Le Tribunal Administratif de Dijon, statuant par ordonnance, donne acte du désistement pur et simple de la requérante, Mme A..., qui avait contesté le refus initial de l'ANAH de lui verser la prime « MaPrimeRénov’ ». Cette décision fait suite au versement effectif de la prime par l'ANAH, rendant le litige sans objet. La juridiction fonde sa décision sur l'article R. 222-1 du code de justice administrative, qui l'autorise à constater un tel désistement.
Texte intégral
Vu la procédure suivante :
Par une requête, enregistrée le 21 mars 2025, Mme B... A... demande au tribunal :
1°) d’annuler la décision par laquelle l’Agence nationale de l’habitat (ANAH) a implicitement rejeté le recours administratif préalable exercé contre la décision refusant de procéder au versement de la prime de transition énergétique dite « MaPrimeRénov’ » ;
2°) d’enjoindre à l’ANAH de lui verser la prime de transition énergétique due.
Par un mémoire en défense, enregistré le 4 février 2026, l’ANAH conclut au non-lieu à statuer.
L’ANAH informe le tribunal qu’une prime d’un montant de 6 122,50 euros a été accordée à Mme A... le 18 septembre 2025 et lui a été versée le 11 octobre 2025.
Par un mémoire, enregistré le 25 février 2026, Mme A... déclare se désister purement et simplement de sa requête.
Vu les autres pièces du dossier.
Vu le code de justice administrative.
Considérant ce qui suit :
1. Aux termes de l’article R. 222-1 du code de justice administrative : « (...) les présidents de formation de jugement des tribunaux (...) peuvent, par ordonnance : / 1 Donner acte des désistements (…) ».
2. Le désistement de Mme A... de sa requête est pur et simple.
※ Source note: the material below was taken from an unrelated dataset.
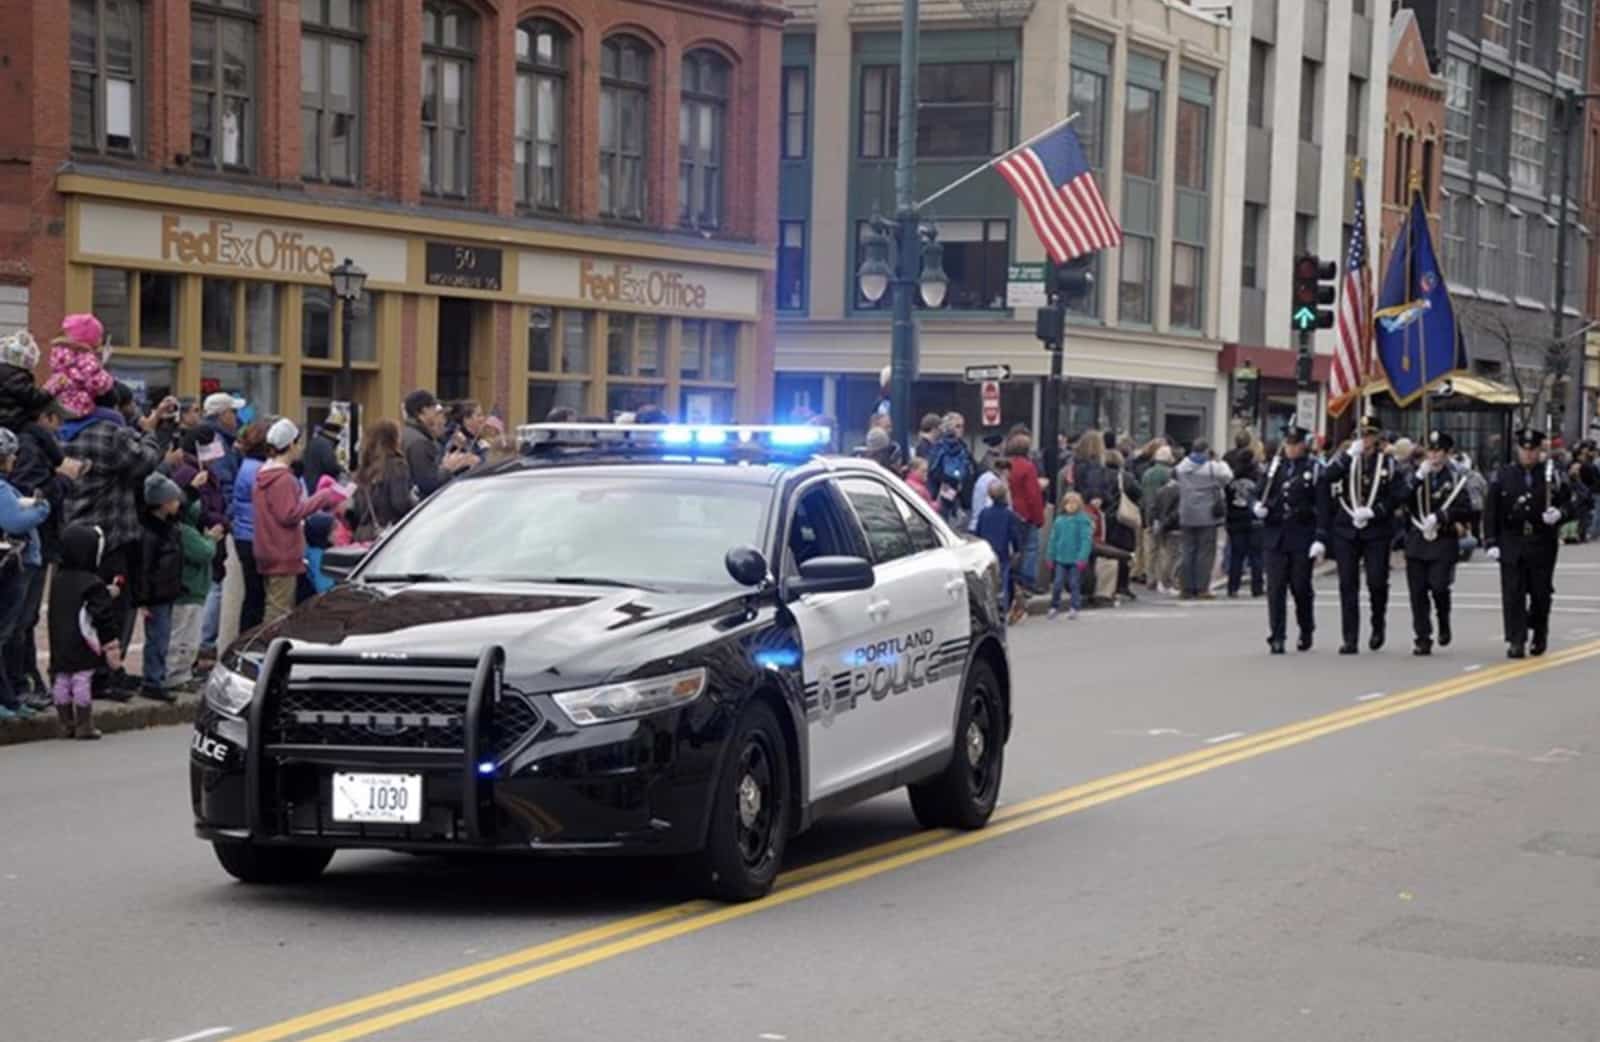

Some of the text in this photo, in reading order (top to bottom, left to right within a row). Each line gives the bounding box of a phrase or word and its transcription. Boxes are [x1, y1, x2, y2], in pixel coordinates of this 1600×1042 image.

[855, 628, 934, 667] PORTLAND
[849, 648, 945, 710] POLICE
[368, 786, 408, 810] 1030
Rien ne s’oppose à ce qu’il en soit donné acte.
ORDONNE :
Article 1er : Il est donné acte du désistement de Mme A... de sa requête.
Article 2 : La présente ordonnance sera notifiée à Mme B... A... et à l’Agence nationale de l’habitat.
Fait à Dijon le 10 mars 2026.
Le président de la 3ème chambre,
L. Boissy
La République mande et ordonne au ministre de la ville et du logement, en ce qui le concerne, ou à tous commissaires de justice à ce requis, en ce qui concerne les voies de droit commun contre les parties privées, de pourvoir à l’exécution de la présente décision.